よく東京都と23区の関係についてお話をさせていただきますが、今回は国と自治体の関係です。

「こんな政策が本当に必要なんですか?」
と自治体に質問してみても、
「国で決定していることなので…」
というテンプレート的な答弁が出てくることがあります。

確かにかつては機関委任事務という制度が存在していて、自治体の仕事は国の下請けのような状態でした。
昔は自治体の仕事を「法の執行である」と言われていたそうです。

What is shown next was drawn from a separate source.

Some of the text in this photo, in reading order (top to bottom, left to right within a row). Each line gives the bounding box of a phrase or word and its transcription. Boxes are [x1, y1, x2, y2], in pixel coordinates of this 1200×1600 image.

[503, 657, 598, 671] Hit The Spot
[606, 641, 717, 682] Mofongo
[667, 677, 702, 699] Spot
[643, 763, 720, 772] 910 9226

笑

国が法律の解釈を独占していた時代は終わり、現在は自治体が独自に解釈することができます。

また、法律以外にも
「国からの通達がありまして」
ということもありますが、通達とは単なる助言なのでこれも従う必要はありません。

そのため、本来であれば国から降りてきたように見える話であっても、個別に良し悪しの議論を行うべきです。
場合によっては、辺野古の事例のように国と地方で議論が分かれることがありますが、係争処理システムがあるため、しっかりと議論を行えば良い話です。

私が直面した実際の事例は過去のブログをご参考に↓
7億7000万円のバラマキと、1億円の事務費には賛成できません

例えば、利用しなくなった保育園などは厚生労働省からの公費で建てられているため、別の用途に用いることはできないそうです。

また、公園に関しても時間や場所などによっては非稼働となるスペースもあるため、放置自転車の問題解決のために駐輪所に活用してはどうかというご意見をいただいたこともあります。
しかし、法律で公園の用途が決まっているため、目的外使用ができないという話になってしまうのです。

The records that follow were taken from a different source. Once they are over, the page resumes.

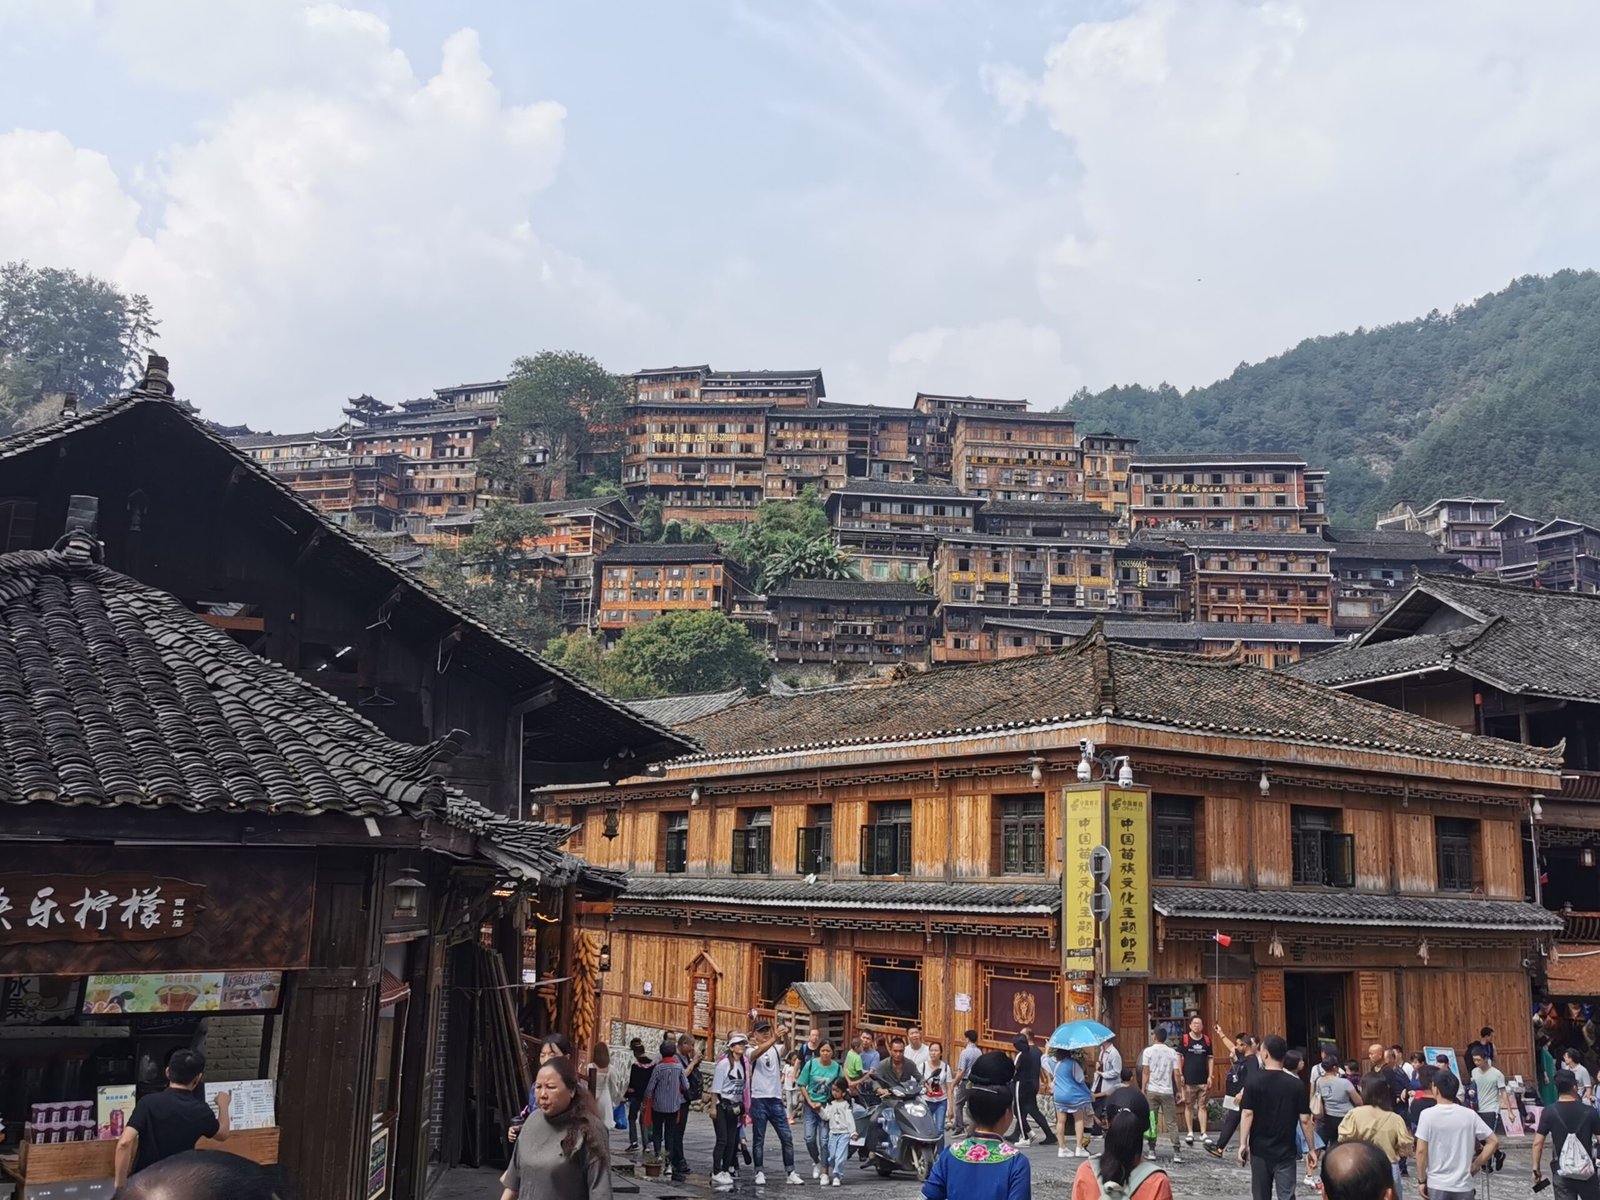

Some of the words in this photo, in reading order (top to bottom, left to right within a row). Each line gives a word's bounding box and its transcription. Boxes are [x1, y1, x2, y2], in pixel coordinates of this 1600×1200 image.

[1118, 817, 1138, 965] 中国苗族文化主题邮局
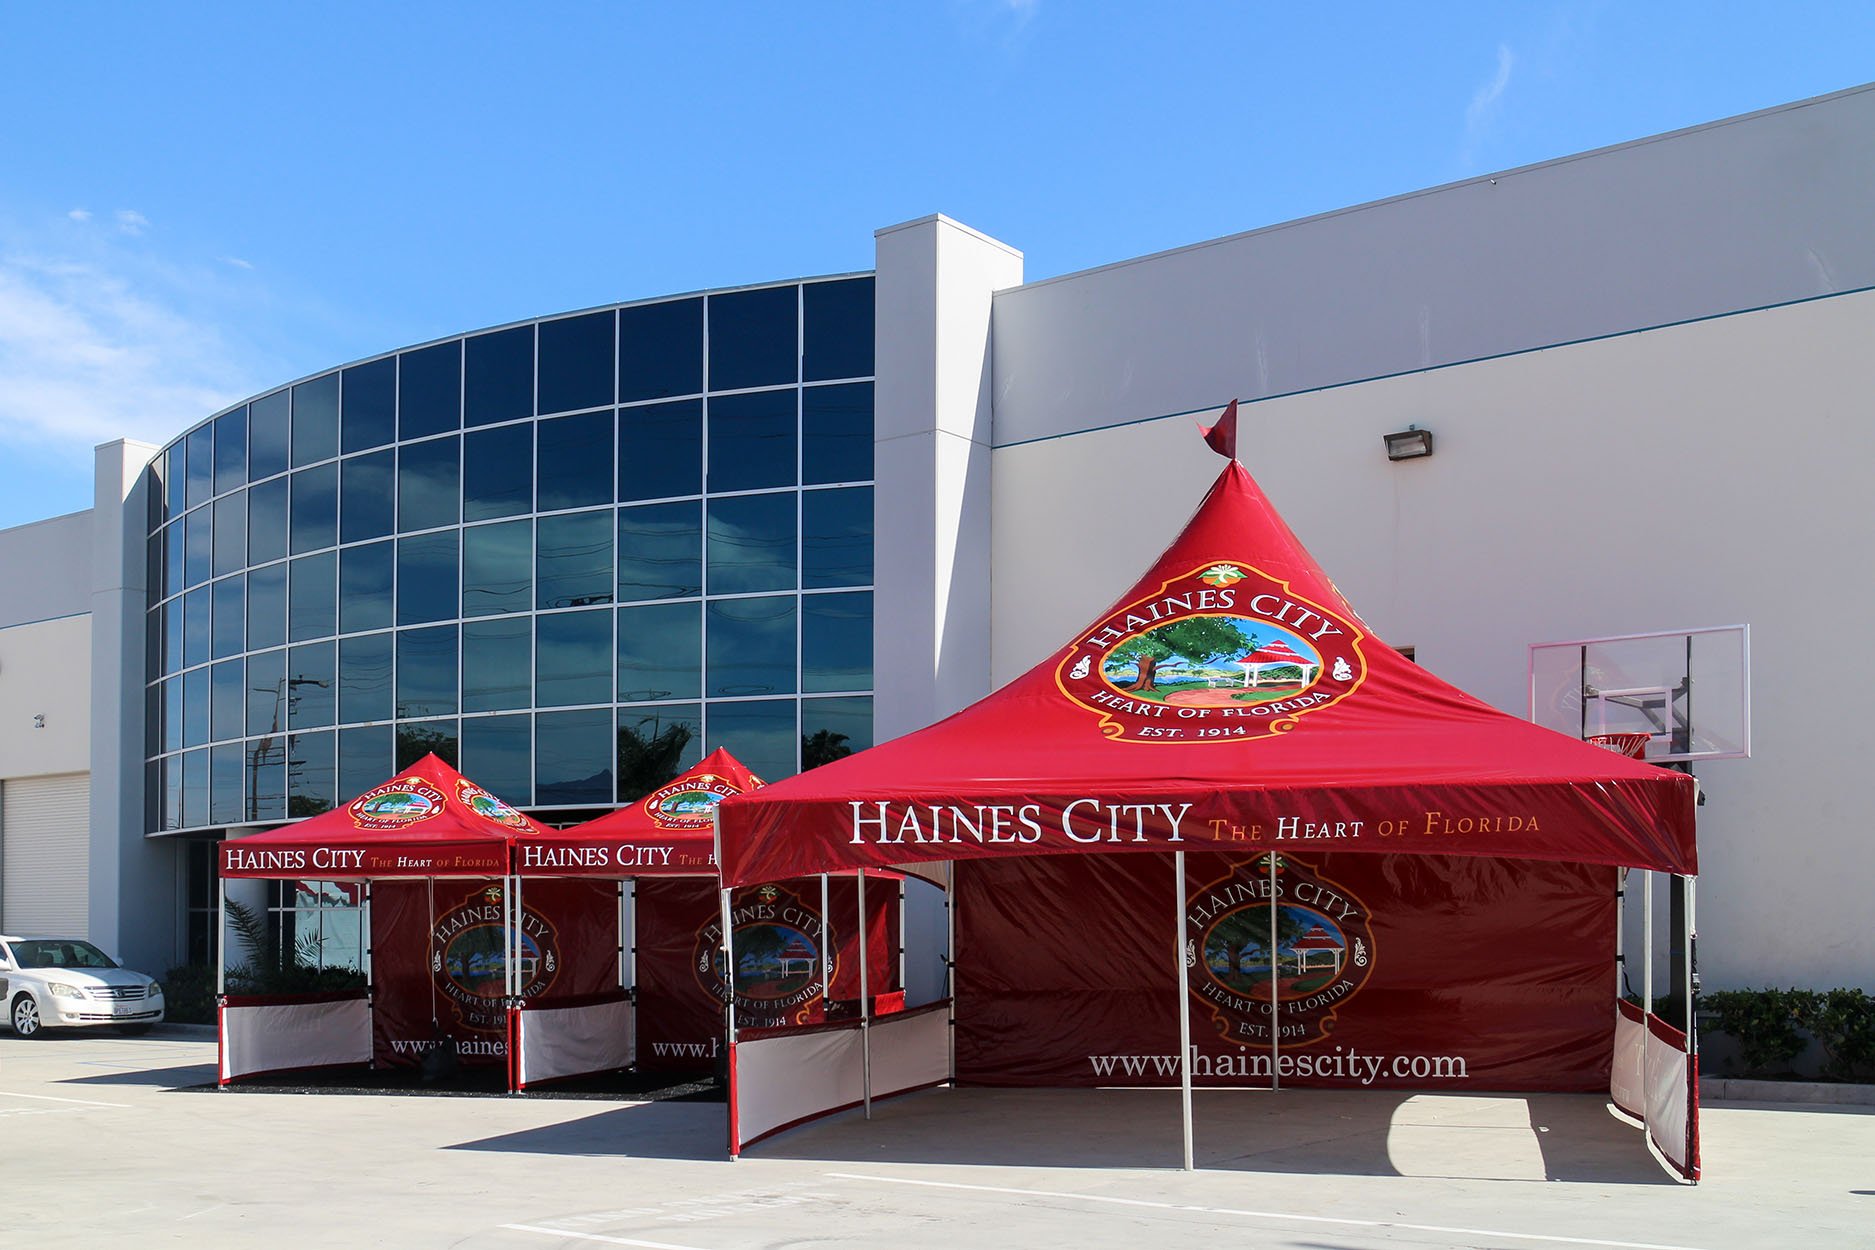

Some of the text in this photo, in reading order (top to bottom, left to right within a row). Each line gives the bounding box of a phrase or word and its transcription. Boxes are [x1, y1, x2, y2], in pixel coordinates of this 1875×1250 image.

[1087, 589, 1343, 649] HAINES CITY
[1090, 690, 1331, 719] HEART OF FLORIDA
[1137, 725, 1246, 738] EST. 1914
[363, 784, 443, 802] HAINES CITY
[658, 782, 711, 798] HAINES
[713, 784, 740, 797] CIT
[848, 801, 1042, 844] HAINES
[1061, 798, 1193, 843] CITY
[225, 849, 306, 870] HAINES
[312, 848, 366, 869] CITY
[523, 845, 609, 868] HAINES
[616, 844, 675, 867] CITY
[1187, 878, 1358, 930] HAINES CITY
[436, 905, 501, 944] HAINES
[704, 904, 823, 943] HINES CITY
[445, 981, 483, 1007] HEART
[774, 982, 823, 1009] FLORIDA
[1202, 981, 1255, 1014] HEART
[1288, 978, 1354, 1014] FLORIDA
[764, 1016, 786, 1027] 1914
[1239, 1022, 1306, 1037] EST. 1914
[1088, 1045, 1469, 1084] wwwhainescity.com

予算を抑え社会的課題を解決するためには、どんな公共スペースであろうと柔軟に利活用していく必要があります。

しかし、国が税金を投入している限り、結局は国の方を見て仕事をしなければならず、地方は国の下部組織的な性質は消えません。

そもそも法令によって個性が異なる自治体を一括りにして政策を組み立てることは時代錯誤です。

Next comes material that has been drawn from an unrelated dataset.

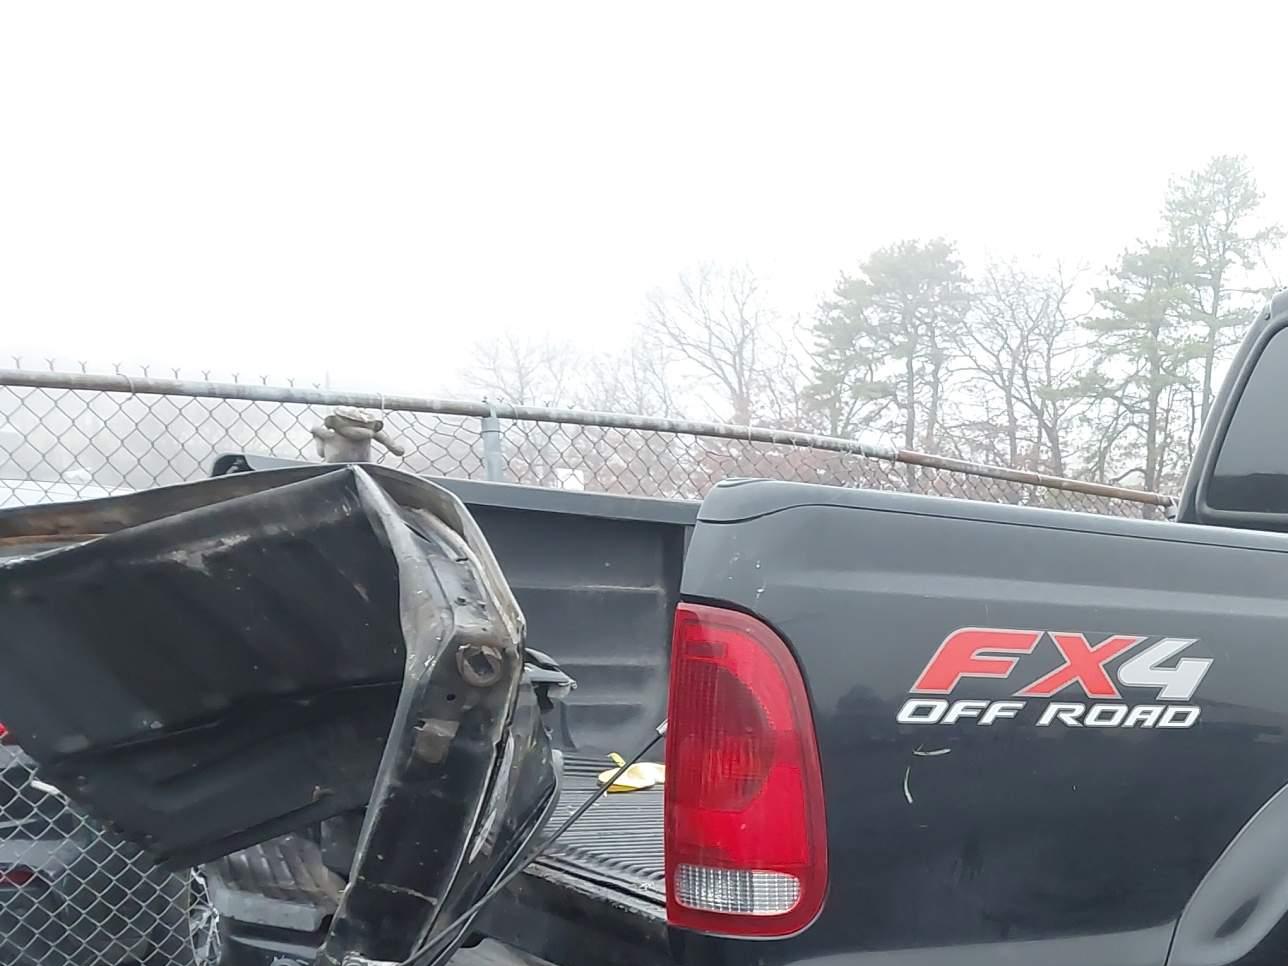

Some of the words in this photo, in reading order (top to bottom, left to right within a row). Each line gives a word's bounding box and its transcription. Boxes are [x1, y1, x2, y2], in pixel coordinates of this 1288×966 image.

よく、東京VS地方のような不毛な対立軸が出されることもあります。

税金を投じて地方でうまくいってる農業政策を新宿で行っても成功しませんし、逆に農村部へベンチャーを誘致しても簡単に東京に追いつくことはありえません。
地方交付税交付金など国から大きな影響を受ける制度を廃止し、各自治体が自由に個性を発揮し事業が行えるように改革を行うべきです。

せっかく良い政策ができても、過去にできた法律で規制があるため実行に移せない場合があります。
また、私が生まれる前に決まったようなルールを根拠にして議論が進むことになりますが、そうした枠の中で斬新な政策を生み出すことなどできません。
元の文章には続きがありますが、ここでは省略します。